I laughed a nervous laugh to cover up the pleasant awkwardness I felt, reaching up to push away his hand. “You’re teasing me,” I accused playfully.
“I’m not teasing!” he protested. “Your face is on fire.” He traced the edge of my cheek gently with his finger. I laughed again, nervously, awkwardly, taking another long sip. Is he trying to be romantic? I wondered, suddenly. If he was, it was effective. I usually had more control over my emotions, and the actions I took because of them, but in that moment, I don’t think I’d have said no to anything he asked. Even if he’d asked to kiss me, I don’t think I’d have refused him.
Part of me almost wanted him to ask.
Right then, Jason walked down the stairs, rubbing the lingering ‘snooze’ out of his eyes. He stopped when he saw me and Fred, glancing, visibly uncomfortable, to the side. “Bad time, guys?” he called.

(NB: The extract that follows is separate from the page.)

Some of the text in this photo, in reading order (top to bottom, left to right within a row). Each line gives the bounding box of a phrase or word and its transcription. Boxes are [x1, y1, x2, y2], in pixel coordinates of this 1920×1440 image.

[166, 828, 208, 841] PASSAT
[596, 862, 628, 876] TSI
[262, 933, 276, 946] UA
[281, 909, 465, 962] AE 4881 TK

I quickly jerked away from Fred. “No,” I called back. “Come on down. We’re just drinking coffee.”
“Didn’t look like it,” he muttered. Jason gave me a glance as he walked into the common room. “You’re blushing,” he told me.

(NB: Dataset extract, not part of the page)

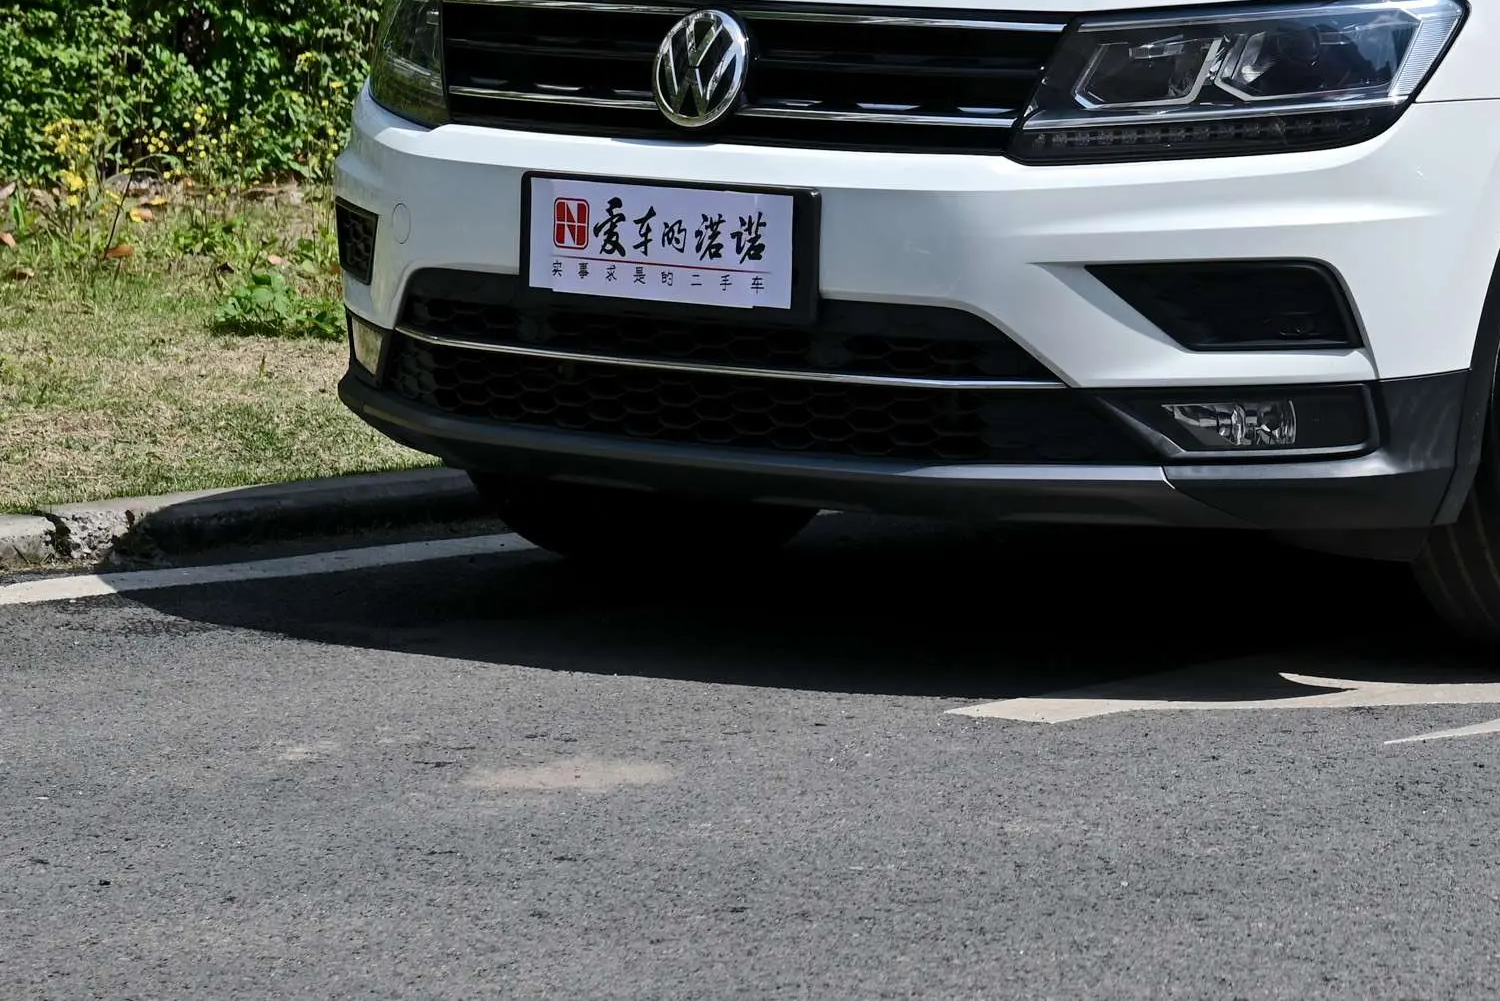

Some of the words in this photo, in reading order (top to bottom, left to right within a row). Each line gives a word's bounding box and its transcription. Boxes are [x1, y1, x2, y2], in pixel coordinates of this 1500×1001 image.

[551, 259, 765, 294] 实事求是的二手车
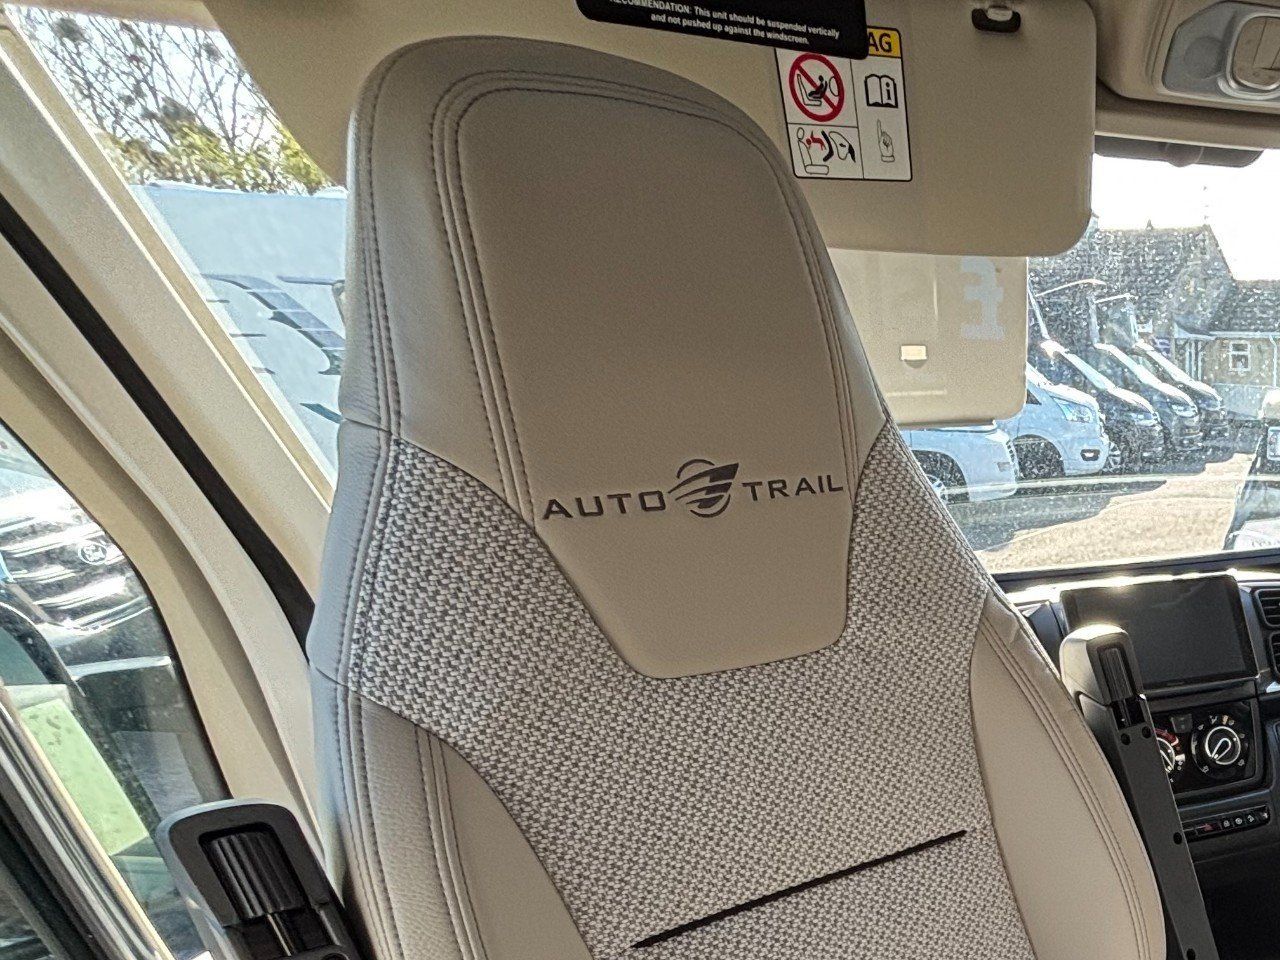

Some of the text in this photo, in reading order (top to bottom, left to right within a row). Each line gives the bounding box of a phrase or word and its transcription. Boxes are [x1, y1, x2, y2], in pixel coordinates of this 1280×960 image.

“What the heck?” I said, half-snappish and half-laughing. “I’m not! I’m just...hot.”
“It’s freezing in here.”
I made a motion like I was about to sling my coffee at him. Some of it sloshed onto my shirt. “Get outta here, you.” My voice had gone from half-snapping, half-laughter into full, teasing laughter. Despite telling him that, I followed him into the kitchen, going for a refill.
“Be honest,” Jason said, filling up a glass of water. “Did I walk in on something back there? Be honest, Hailee. Are you two...you know?”
“Jason Kingsley!” I exclaimed. “For future reference, what’s your middle name? That might help next time I want to yell at you.”
“Aspen. What’s yours?”
“Raven. Anyway. Jason Aspen Kingsley!” I realized I was yelling, so I backed up and lowered my voice. “Sorry. Now, what do you mean by ‘you know’?”
“Are you two, you know, involved?” Jason asked, far more blunt the second time. “Romantically?”
“No,” I said firmly, quickly editing the conversation. I hurried back upstairs, and walked into the bathroom to wash the spilled coffee off my shirt, catching sight of my face in the mirror. There was a slight glow in my cheeks. I was, indeed, blushing, for one reason or another. And, when I thought about the moment that had just occurred -- the way his cool hand felt against my face, the quiet way he called me strong -- my lips twitched with an unbidden smile.
I ran into Vic in the hallway, looking disheveled with sleep. “Morning, Hailee,” she said cheerily. She looked closely at me. “Something up?”
“Don’t even sat it, Victoria. Don’t even say it.”